Ovechkin scores his first World Championship goal ever on April 25, 2004 in a 6-2 tournament-opening romp over Denmark in Ostrava, Czech Republic. The 18-year-old’s victim is netminder Jan Jensen, and it is Russia’s fifth tally of the night. IIHF correspondent Peter Westermark describes the goal as coming on “a lightning-quick move to the middle followed by a masked, high shot.” The assists go to veterans Maxim Sushinski and Dmitri Yushkevich.

In the 2005 bronze medal game against Sweden on May 15 in Vienna, Austria, Ovechkin spectacularly dances through hulking Tre Kronor blueliner Mattias Norström to score Russia’s 4-2 goal at 1:33 of the third period. It’s the eventual winner. The Russians go on to capture third place with a 6-3 win.

In 2006, Ovechkin is named to the tournament all-star team for the first time despite Russia’s May 18 quarter-final exit versus the Czech Republic in a 4-3 loss on Zbynek Irgl’s goal at 7:58 of OT. He finishes with six goals and three assists in seven games.

Playing on home ice in Moscow, Ovechkin receives a five-minute major and a game misconduct and is suspended for one game for a hit on Swiss forward Valentin Wirz on May 8, 2007. The hit occurs as Wirz is rushing up ice and Ovechkin is stepping out of the penalty box. Ovechkin states that the blow was unintentional. This proves to be an off-tournament overall for the Great 8, who winds up with just one goal and one assist in eight games as the host Russians settle for bronze.

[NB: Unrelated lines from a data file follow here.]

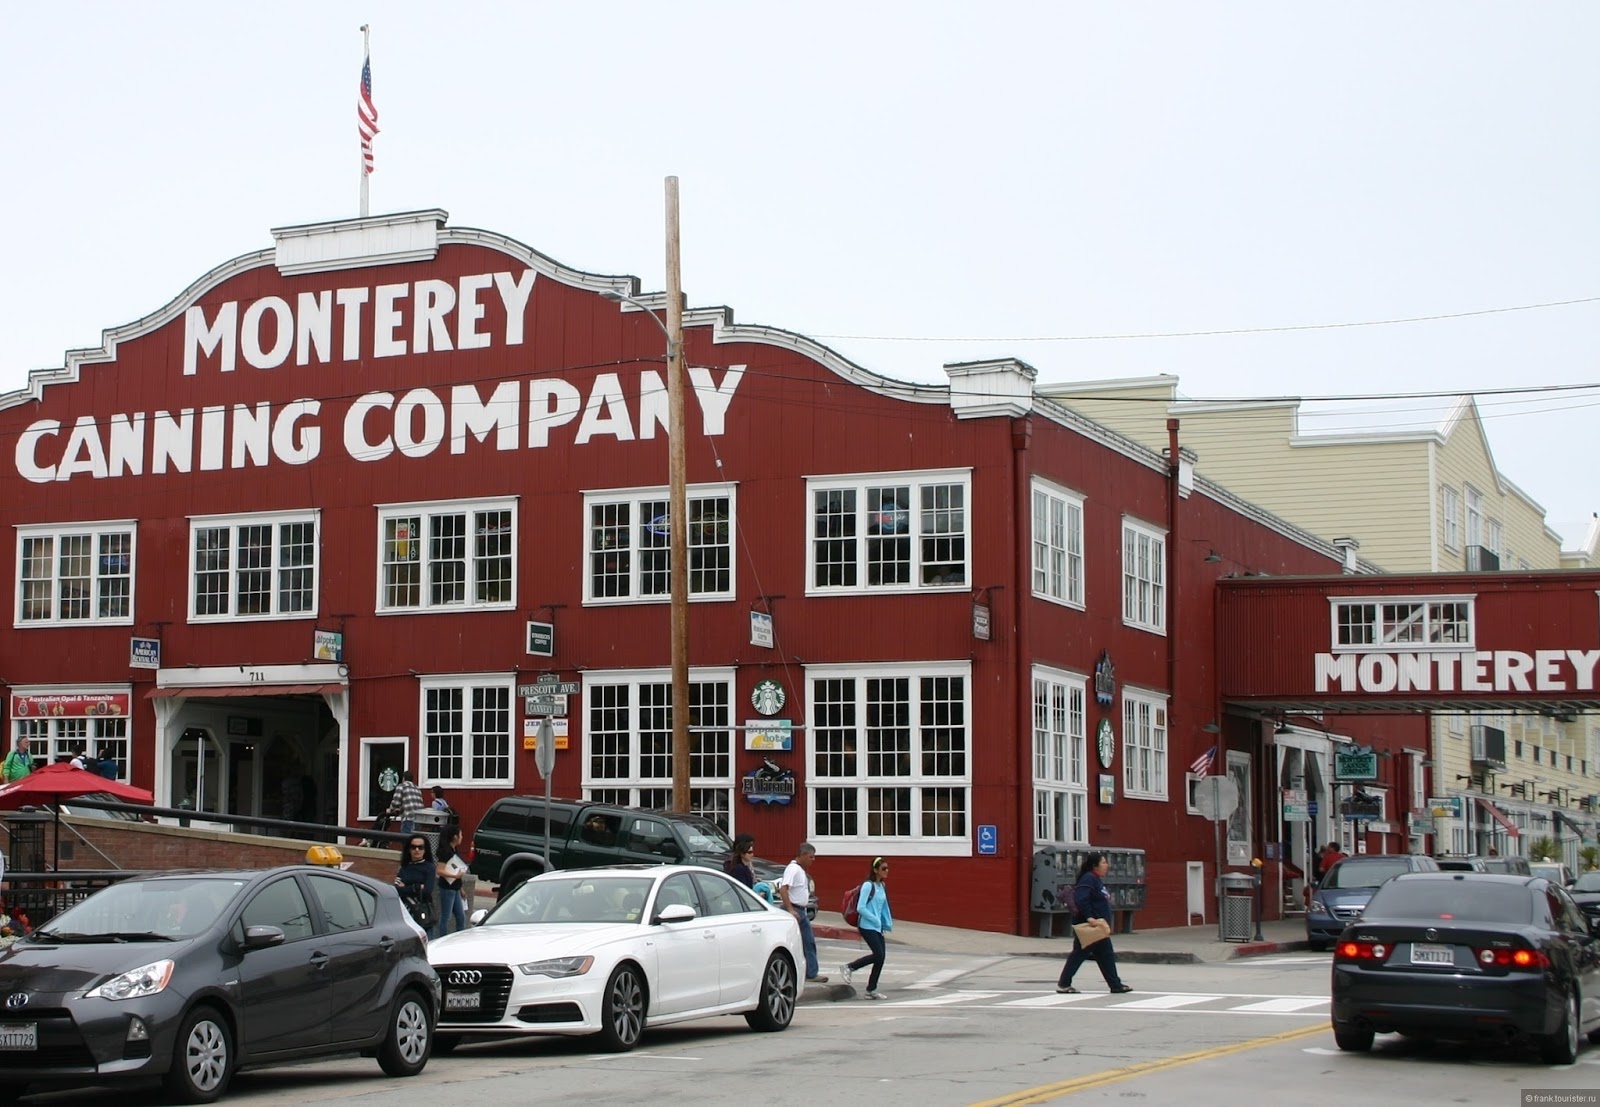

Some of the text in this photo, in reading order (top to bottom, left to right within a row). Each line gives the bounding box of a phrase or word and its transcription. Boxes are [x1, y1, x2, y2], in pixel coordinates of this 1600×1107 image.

[183, 268, 538, 376] MONTEREY
[15, 364, 748, 484] CANNING COMPANY
[249, 672, 265, 681] 711
[1315, 650, 1600, 692] MONTEREY
[520, 685, 557, 695] PRESCOTT
[529, 704, 553, 713] CANNERY

Ovechkin draws two assists, including one on Ilya Kovalchuk’s overtime game-winner, as Russia rallies from a two-goal deficit to defeat host Canada 5-4 for gold in Quebec City on May 18, 2008. It’s Russia’s first title since 1993. With a personal high of six goals and six assists at the event, Ovechkin is also named to the tournament all-star team for the second time.

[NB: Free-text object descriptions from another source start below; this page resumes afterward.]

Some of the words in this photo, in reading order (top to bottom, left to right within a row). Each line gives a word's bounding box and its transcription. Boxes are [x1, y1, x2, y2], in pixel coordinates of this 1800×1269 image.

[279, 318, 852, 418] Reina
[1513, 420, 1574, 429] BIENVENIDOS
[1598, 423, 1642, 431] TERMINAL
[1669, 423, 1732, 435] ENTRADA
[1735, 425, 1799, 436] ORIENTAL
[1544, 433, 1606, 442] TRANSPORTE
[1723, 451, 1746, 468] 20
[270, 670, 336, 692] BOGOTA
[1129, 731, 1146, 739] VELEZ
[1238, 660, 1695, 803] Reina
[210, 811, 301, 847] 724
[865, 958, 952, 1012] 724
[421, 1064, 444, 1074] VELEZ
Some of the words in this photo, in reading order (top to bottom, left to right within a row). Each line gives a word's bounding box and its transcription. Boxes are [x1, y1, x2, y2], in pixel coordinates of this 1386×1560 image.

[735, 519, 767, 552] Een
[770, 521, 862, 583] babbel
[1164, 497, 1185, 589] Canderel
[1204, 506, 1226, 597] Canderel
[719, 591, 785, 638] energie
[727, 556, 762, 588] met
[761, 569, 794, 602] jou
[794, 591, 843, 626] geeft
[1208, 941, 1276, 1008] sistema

Despite looking tired in the wake of Russia’s 7-3 Olympic loss to Canada and a disappointing first-round defeat against the Jaroslav Halak-backstopped Montreal Canadiens in the Stanley Cup playoffs, Ovechkin shows up to play for his country in Germany 2010. Unfortunately, his overall diligent performance – five goals and one assist in nine games – is overshadowed by an accidental collision with teammate Sergei Fedorov late in the second period of the May 23 gold medal game versus the Czech Republic. While Ovechkin and Fedorov struggle to their feet, the Czechs race down the ice and captain Tomas Rolinek scores the 2-0 goal, the eventual game-winner.